**THE TASK:** Lines with "Downlands": please show every one of them from the listing below.

**SUPPLIED MATERIAL:**
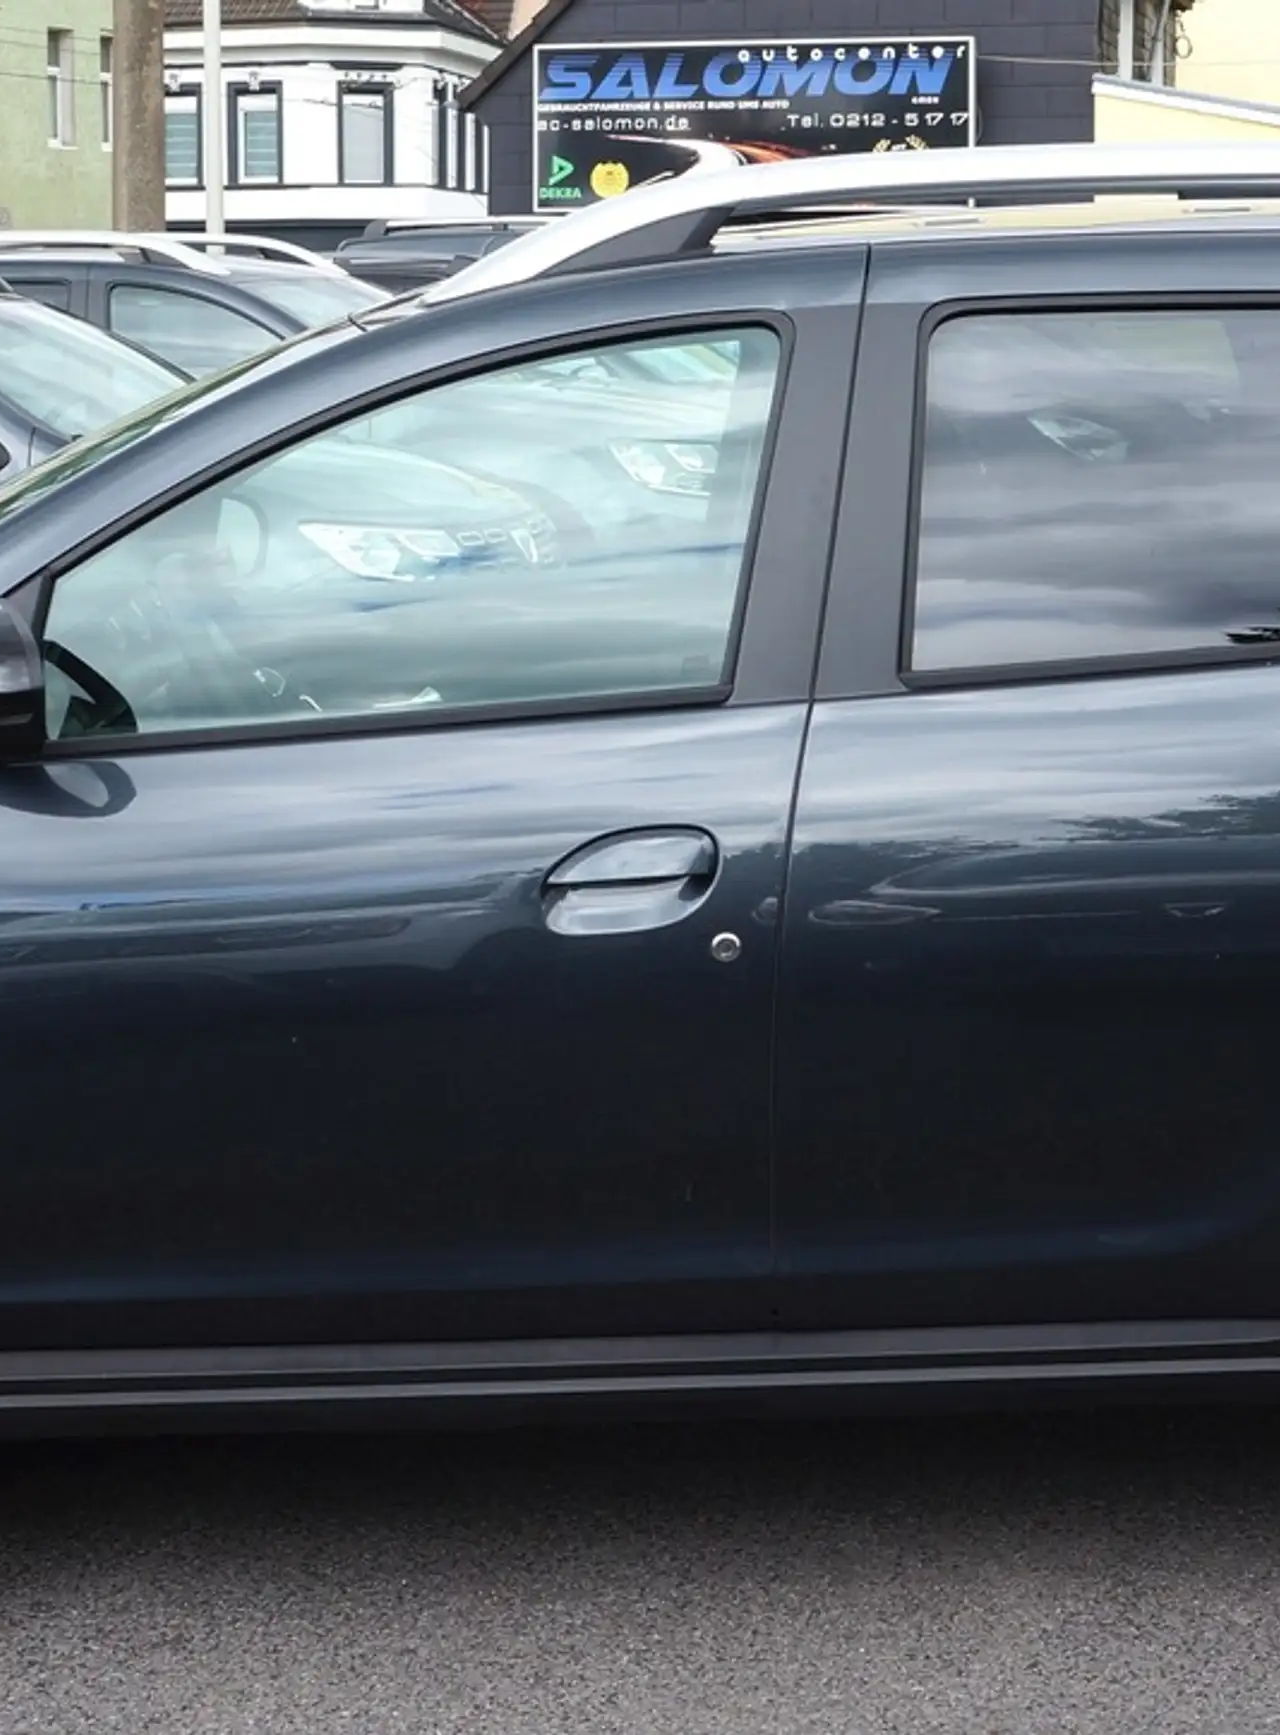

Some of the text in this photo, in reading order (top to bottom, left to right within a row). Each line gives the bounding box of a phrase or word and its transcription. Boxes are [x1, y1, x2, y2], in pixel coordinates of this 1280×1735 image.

[738, 43, 966, 63] autocenter
[539, 49, 956, 99] SALOMON
[664, 100, 704, 111] SERVICE
[786, 112, 824, 128] Tel.
[830, 112, 886, 127] 0212
[538, 187, 582, 200] DEKRA
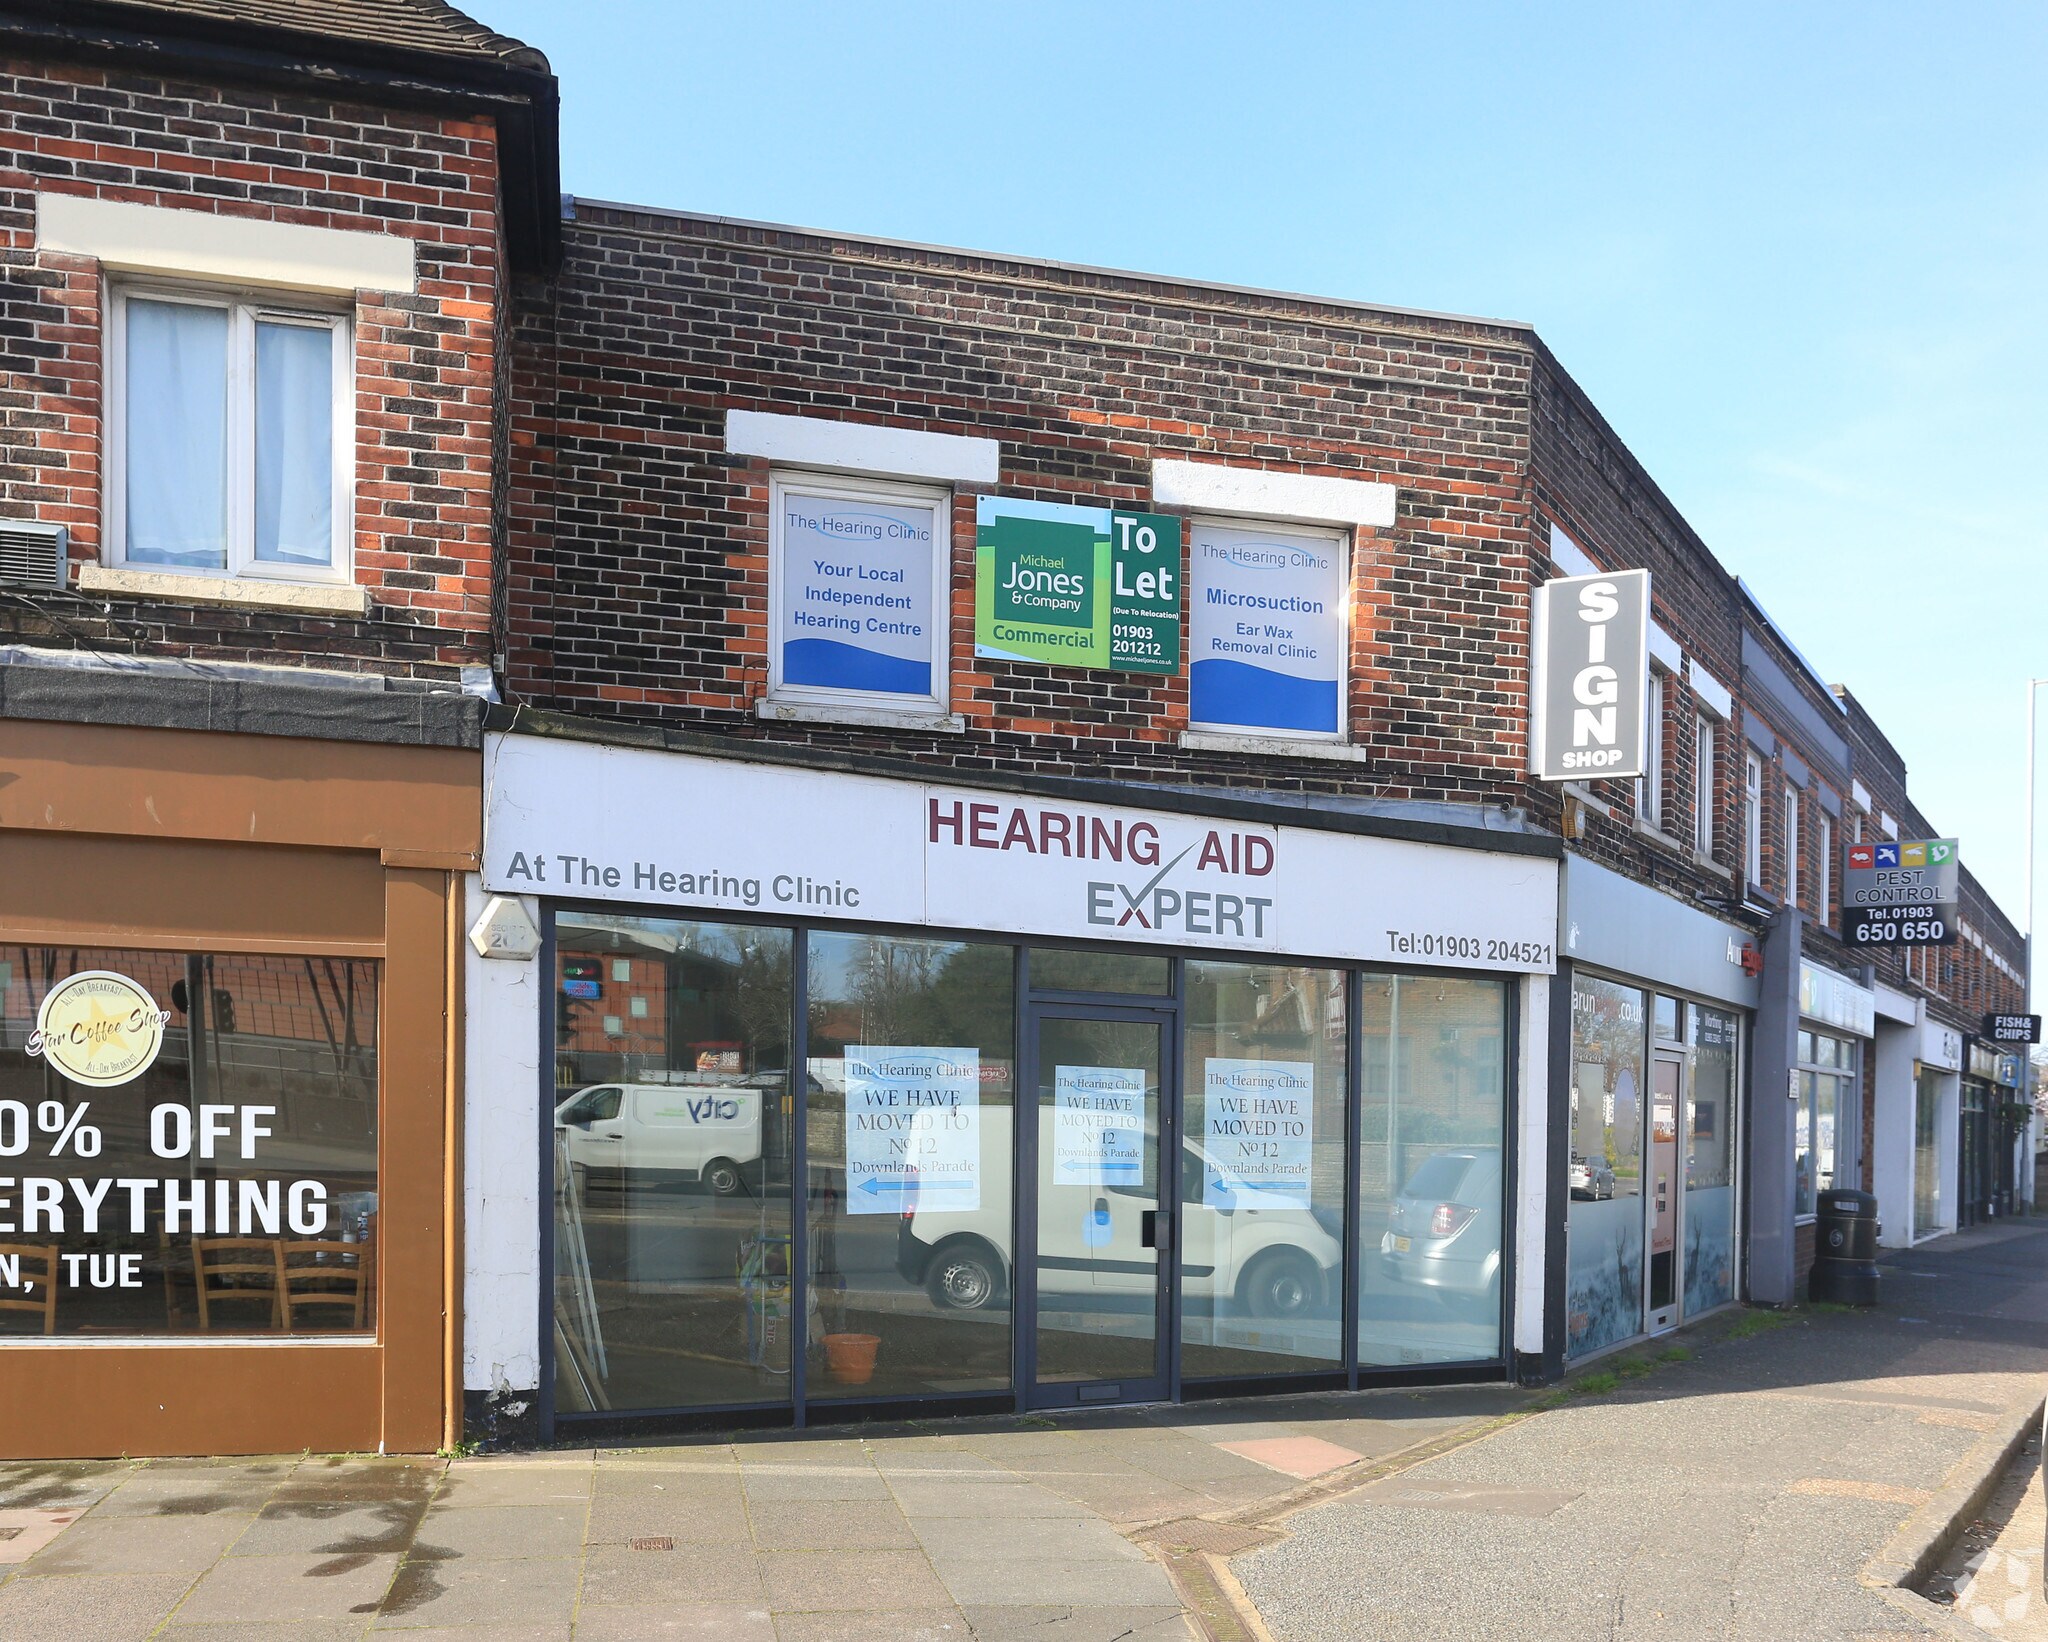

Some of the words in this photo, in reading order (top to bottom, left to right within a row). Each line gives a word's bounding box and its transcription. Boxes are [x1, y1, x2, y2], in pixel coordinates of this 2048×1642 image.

[788, 513, 817, 529] The
[822, 517, 882, 539] Hearing
[888, 525, 930, 541] Clinic
[1114, 516, 1157, 554] To
[1019, 554, 1065, 570] Michael
[1201, 544, 1227, 559] The
[1232, 547, 1286, 568] Hearing
[1290, 553, 1328, 569] Clinic
[814, 560, 853, 577] Your
[858, 565, 904, 582] Local
[1002, 562, 1084, 596] Jones
[1115, 562, 1173, 600] Let
[805, 586, 912, 609] Independent
[1012, 591, 1022, 604] &
[1024, 594, 1081, 613] Company
[1206, 588, 1323, 614] Microsuction
[1113, 607, 1130, 616] (Due
[1130, 608, 1140, 616] To
[1140, 608, 1179, 620] Relocation)
[794, 611, 861, 634] Hearing
[866, 618, 922, 636] Centre
[1113, 624, 1153, 640] 01903
[1236, 622, 1260, 636] Ear
[1264, 625, 1293, 639] Wax
[993, 625, 1095, 649] Commercial
[1113, 640, 1162, 656] 201212
[1212, 638, 1273, 655] Removal
[1278, 643, 1317, 659] Clinic
[1112, 655, 1172, 666] www.michaeljones.co.uk
[1572, 581, 1619, 748] SIGN
[1562, 749, 1623, 769] SHOP
[930, 797, 1161, 867] HEARING
[1196, 829, 1275, 877] AID
[506, 851, 546, 881] At
[557, 855, 621, 888] The
[633, 861, 761, 906] Hearing
[772, 874, 861, 908] Clinic
[1876, 871, 1924, 886] PEST
[1855, 886, 1946, 903] CONTROL
[1086, 881, 1273, 939] EXPERT
[1892, 906, 1934, 919] 01903
[1856, 922, 1897, 941] 650
[1902, 921, 1944, 940] 650
[1386, 929, 1481, 960] Tel:01903
[1488, 939, 1552, 966] 204521
[87, 981, 123, 996] BREAKFAST
[25, 1029, 66, 1056] Star
[70, 1020, 123, 1045] Coffee
[126, 1007, 171, 1033] Shop
[1995, 1028, 2032, 1041] CHIPS
[111, 1053, 138, 1074] BREAKFAST
[849, 1063, 874, 1076] The
[879, 1063, 932, 1079] Hearing
[936, 1064, 974, 1077] Clinic
[1057, 1077, 1075, 1087] The
[1077, 1078, 1113, 1091] Hearing
[1115, 1080, 1141, 1090] Clinic
[1208, 1074, 1228, 1085] The
[1232, 1075, 1275, 1091] Hearing
[1278, 1076, 1309, 1089] Clinic
[864, 1089, 898, 1106] WE
[907, 1090, 962, 1107] HAVE
[1067, 1096, 1090, 1109] WE
[1095, 1098, 1133, 1111] HAVE
[1220, 1097, 1248, 1113] WE
[1254, 1099, 1299, 1115] HAVE
[856, 1113, 934, 1131] MOVED
[942, 1113, 970, 1131] TO
[1061, 1114, 1113, 1128] MOVED
[1119, 1115, 1138, 1129] TO
[1212, 1119, 1276, 1136] MOVED
[1281, 1121, 1304, 1137] TO
[150, 1103, 276, 1159] OFF
[1101, 1132, 1116, 1145] 12
[1058, 1147, 1108, 1158] Downlands
[1110, 1149, 1140, 1158] Parade
[1261, 1142, 1279, 1158] 12
[853, 1161, 927, 1174] Downlands
[931, 1160, 975, 1173] Parade
[1208, 1162, 1269, 1174] Downlands
[1272, 1162, 1308, 1174] Parade
[61, 1254, 143, 1288] TUE

**FINISHED EXERCISE:**
[1058, 1147, 1108, 1158] Downlands
[853, 1161, 927, 1174] Downlands
[1208, 1162, 1269, 1174] Downlands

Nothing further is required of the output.